People on social media kept asking why protesters were allowed to congregate in the midst of a pandemic governed by stay-home orders and limits on crowd sizes. Those people misunderstood the deal. The government wasn’t allowing the protests. The people had been allowing the stay-home orders. 

Since May 25, the people have been letting their governments know that stay-home orders and crowd size mandates were no longer tenable and would no longer be obeyed.

Government in the United States has a lot of power, delegated to it by the people. But both constitutionally and culturally, the people are sovereign and the people are the ultimate source of the government’s power and legitimacy. When they en masse decide they’re no longer going to take orders or accept the legitimacy of a particular agency’s authority, there’s little the government can do. As much as government officials flatter themselves that they have power and authority, it’s nothing compared to the power and authority held by the people. 

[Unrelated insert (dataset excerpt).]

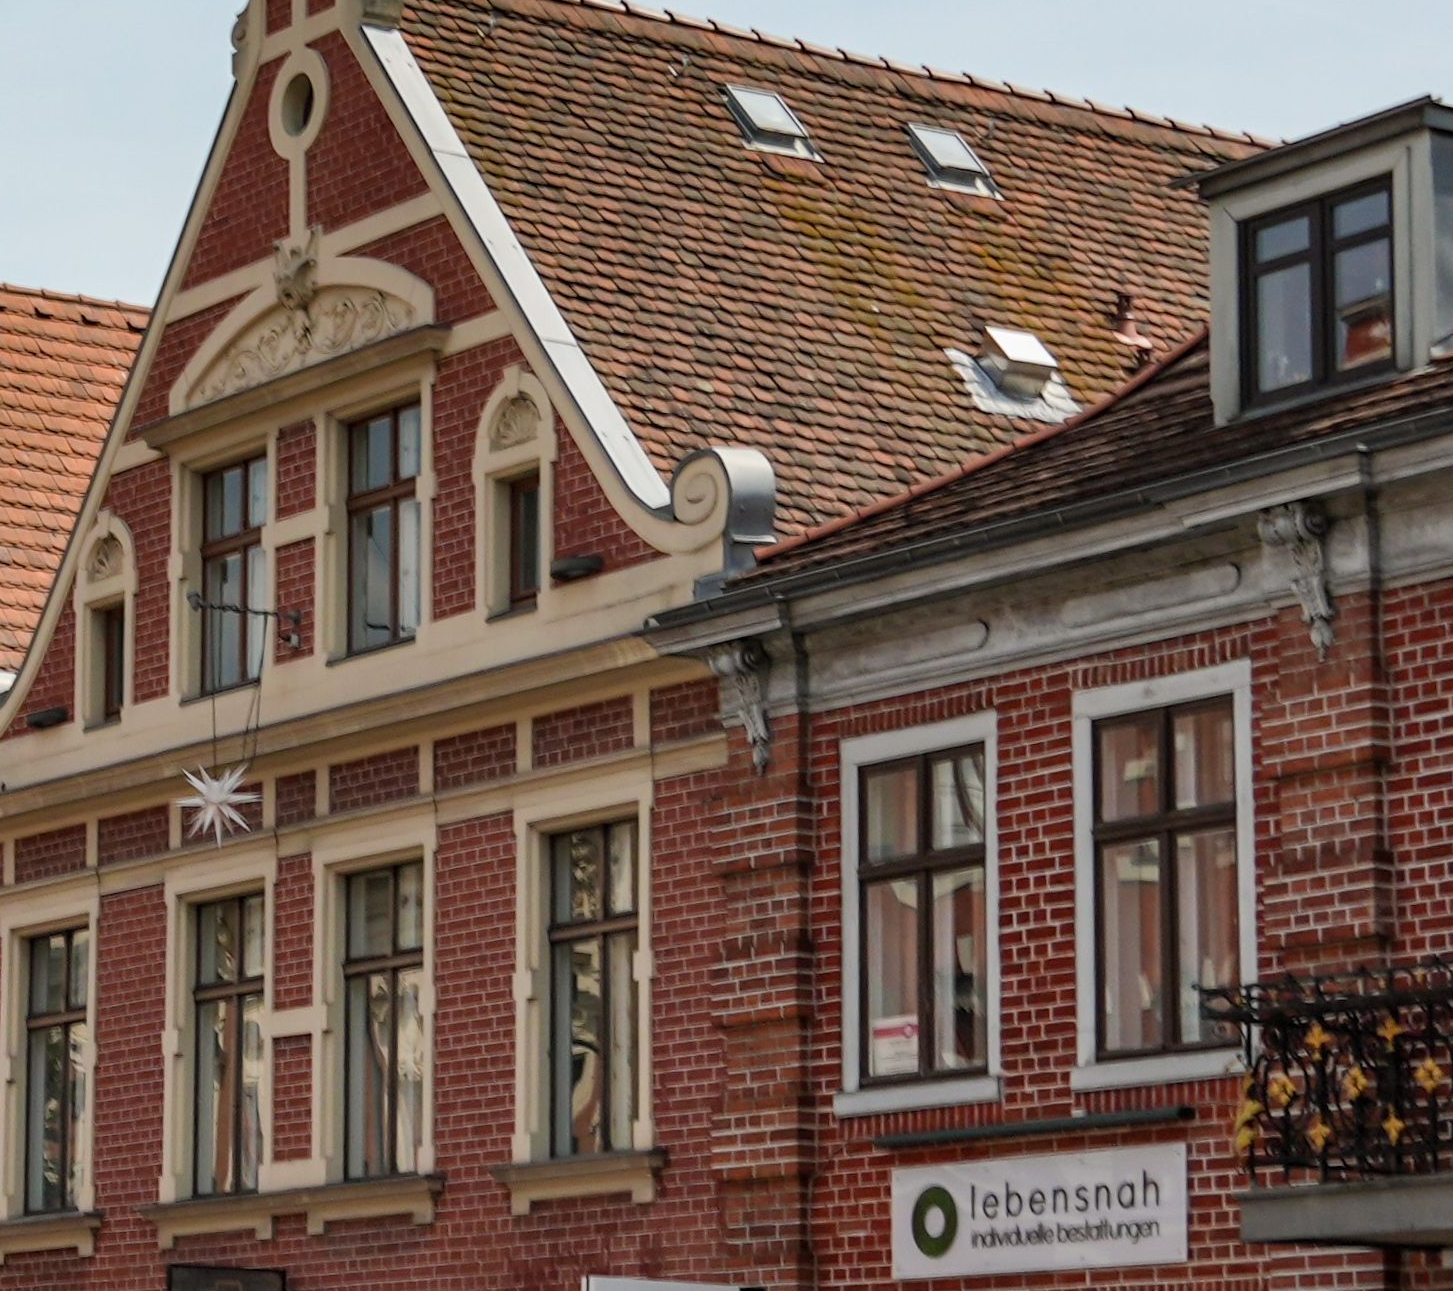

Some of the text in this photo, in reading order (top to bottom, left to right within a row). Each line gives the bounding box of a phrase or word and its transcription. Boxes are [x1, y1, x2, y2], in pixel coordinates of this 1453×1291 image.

[970, 1168, 1160, 1220] lebensnah
[970, 1219, 1160, 1249] individuelle bestattungen
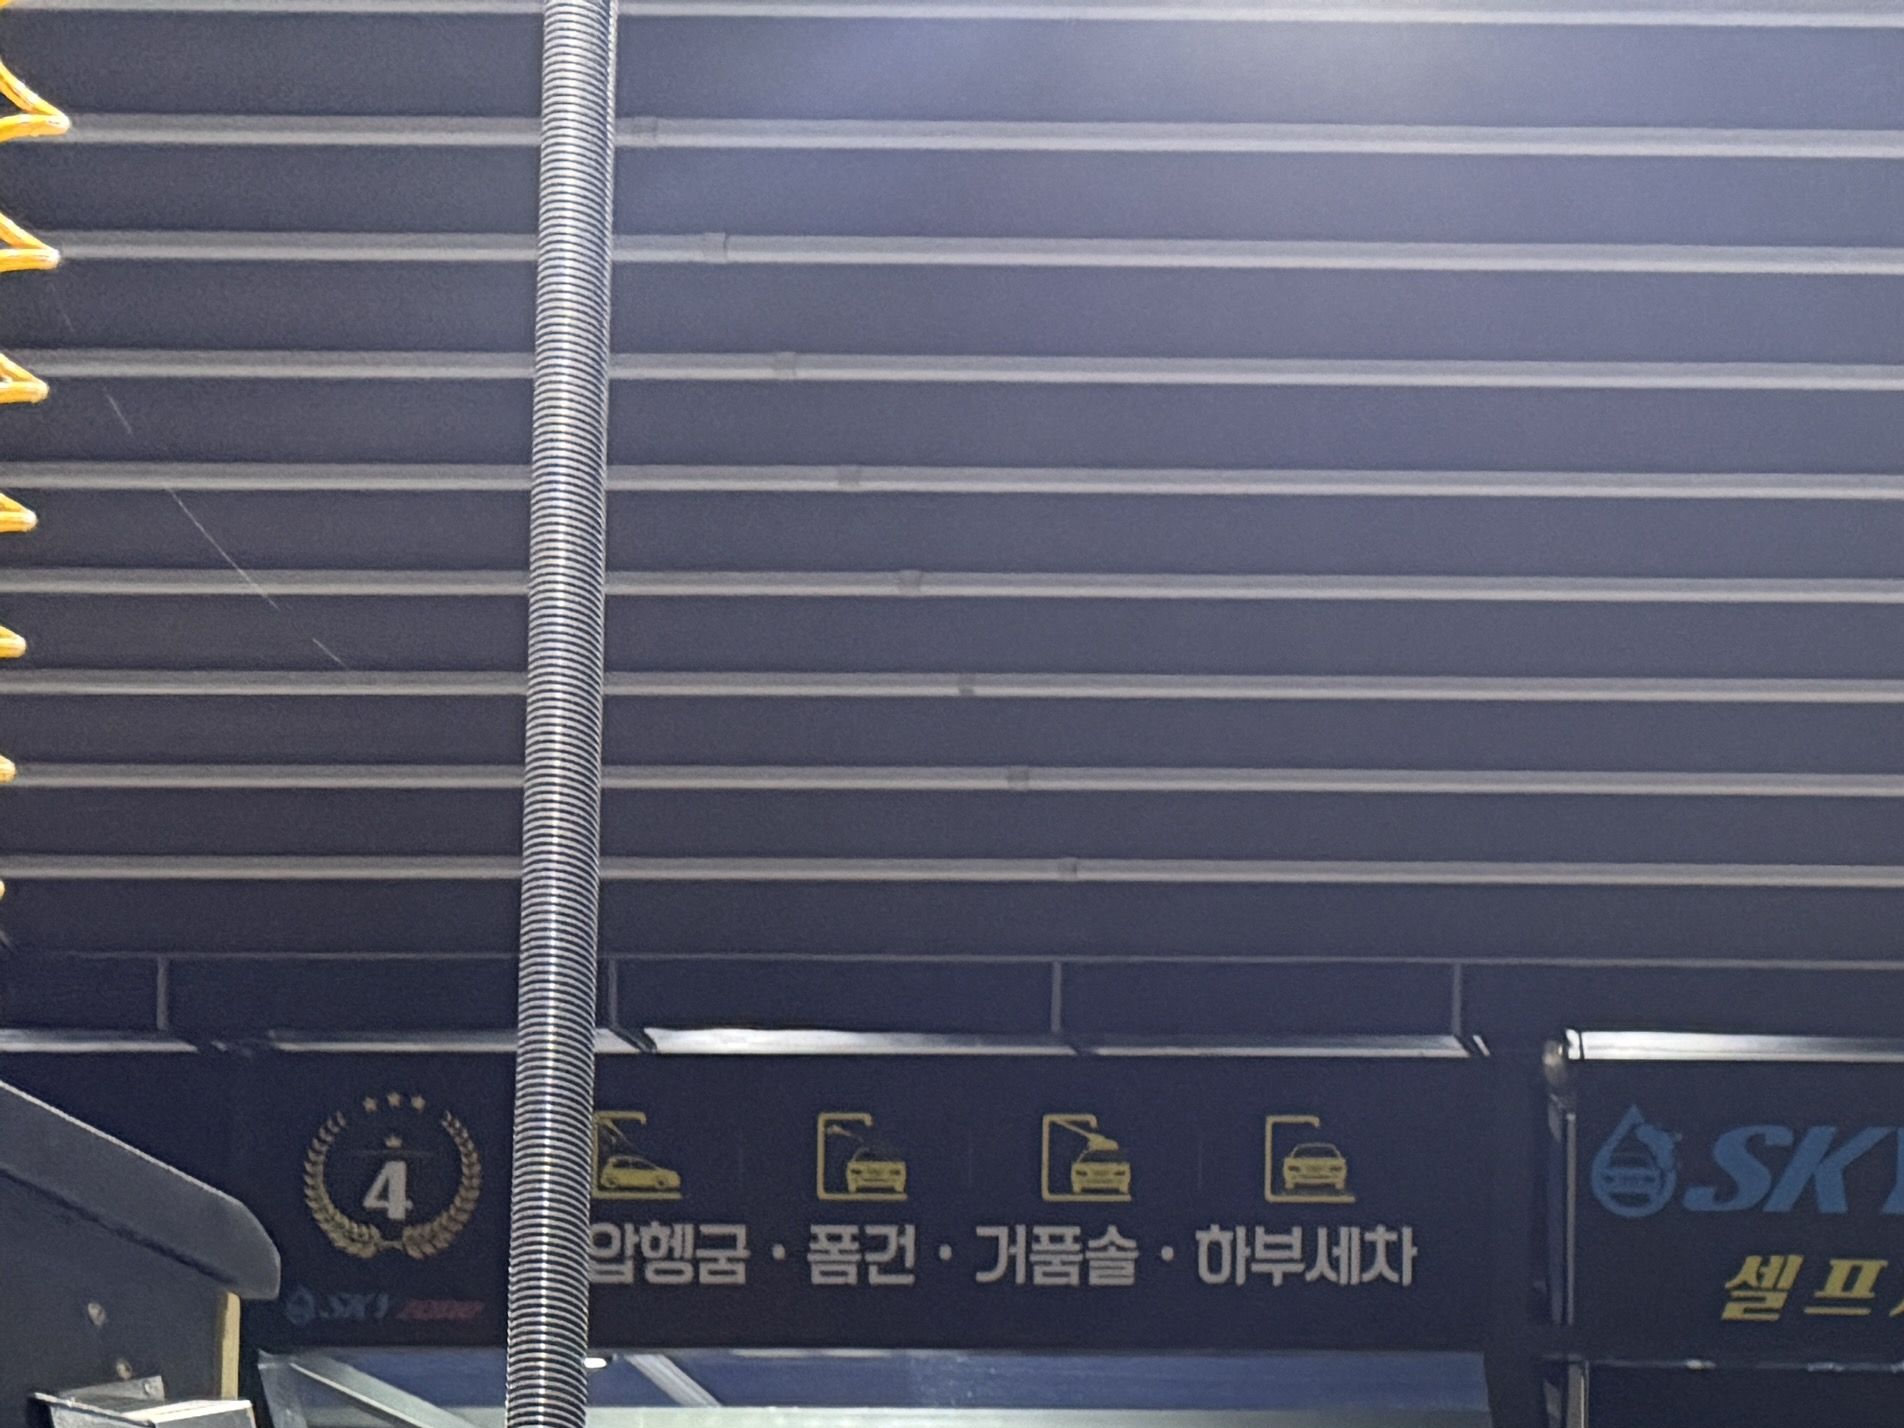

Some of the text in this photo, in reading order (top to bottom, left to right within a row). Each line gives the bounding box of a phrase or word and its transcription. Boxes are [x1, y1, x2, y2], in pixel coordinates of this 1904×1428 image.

This is why Black Lives Matter protesters press so urgently for others to join them. They understand the power of the majority. They understand that a small protest can be ignored, but a massive one will motivate elected representatives to action.

One might wonder, then, why businesses are not following their customers and opening up in defiance of state orders. That’s simple. Businesses are licensed and regulated by the state and local governments. Government holds tremendous power over them. Individuals have constitutionally protected rights to assemble, speak, and protest, but there is no corresponding right to run a restaurant or hotel. Licenses and permits are permission from the government to be open. Lose that, and you lose your livelihood. 

If one wants to see the effect government power can have on human behavior, one just has to observe the differences in individual vs. business responses to government shutdown orders. Businesses, over which governments exert tremendous control, have largely complied. Individuals, over whom government has less firm control, have been defiant.